He said villagers have also decided to gift him 'dhan ki bali' or paddy crop. Besides, some villagers have collected money to gift him a momento of silver.
Rajkeswur Purayag's distant relative Mahesh Mahto, who lives in the village, told IANS over telephone that villagers will gift 'soil of the village' to the 'Mati Ke Lal'(Son of the soil).
"It is like a festival in the village, a day ahead of his visit," Mahesh, who works as a mason, a poor man unlike his relative Rajkeswur Purayag, said.
Another district official Sushil Kumar said that the mood is upbeat and people are eagerly waiting to welcome the visiting president.
District police have also tightened security.
Rajkeswur Purayag's ancestors are said to have migrated as Girmitiya labourers to Trinidad and Tobago, then a British colony in the Caribbean islands, in the 19th century.

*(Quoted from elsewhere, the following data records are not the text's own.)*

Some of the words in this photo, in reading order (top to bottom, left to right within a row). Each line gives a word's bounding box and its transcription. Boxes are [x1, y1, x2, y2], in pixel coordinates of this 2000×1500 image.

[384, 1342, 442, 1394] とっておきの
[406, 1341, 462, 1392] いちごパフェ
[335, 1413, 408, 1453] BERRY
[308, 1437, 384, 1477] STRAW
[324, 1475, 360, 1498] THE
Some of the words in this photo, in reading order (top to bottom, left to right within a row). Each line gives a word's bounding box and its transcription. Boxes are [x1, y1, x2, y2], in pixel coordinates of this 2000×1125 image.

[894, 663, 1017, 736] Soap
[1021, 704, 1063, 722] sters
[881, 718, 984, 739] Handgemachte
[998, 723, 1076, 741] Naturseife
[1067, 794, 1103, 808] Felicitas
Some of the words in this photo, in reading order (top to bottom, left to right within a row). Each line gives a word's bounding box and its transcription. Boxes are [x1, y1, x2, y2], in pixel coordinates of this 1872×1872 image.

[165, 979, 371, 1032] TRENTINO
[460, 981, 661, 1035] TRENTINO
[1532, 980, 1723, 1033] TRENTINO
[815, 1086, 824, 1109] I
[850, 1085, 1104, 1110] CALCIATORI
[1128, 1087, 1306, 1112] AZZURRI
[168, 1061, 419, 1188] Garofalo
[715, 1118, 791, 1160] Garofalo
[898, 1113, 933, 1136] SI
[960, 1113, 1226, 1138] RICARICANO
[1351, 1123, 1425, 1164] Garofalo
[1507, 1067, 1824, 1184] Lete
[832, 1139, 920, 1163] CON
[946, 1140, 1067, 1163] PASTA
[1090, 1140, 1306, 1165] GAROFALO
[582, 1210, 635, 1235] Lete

In January last year, Kamla Persad Bissessar, the first woman prime minister of Trinidad and Tobago, visited her ancestral village Bhelupur in Itarhi in Bihar's Buxar district. Her great-grandfather Ram Lakhan Mishra reportedly left Bhelupur to cross the seas in 1889.
Nearly five years ago, Mauritius Prime Minister Navinchandra Ramgoolam had visited his ancestral village in the state's Bhojpur district.
A large number of people from Bihar had migrated to Mauritius, Fiji, Trinidad, Suriname, South Africa and other places in the 19th century to serve as indentured labourers on sugarcane and rubber plantations.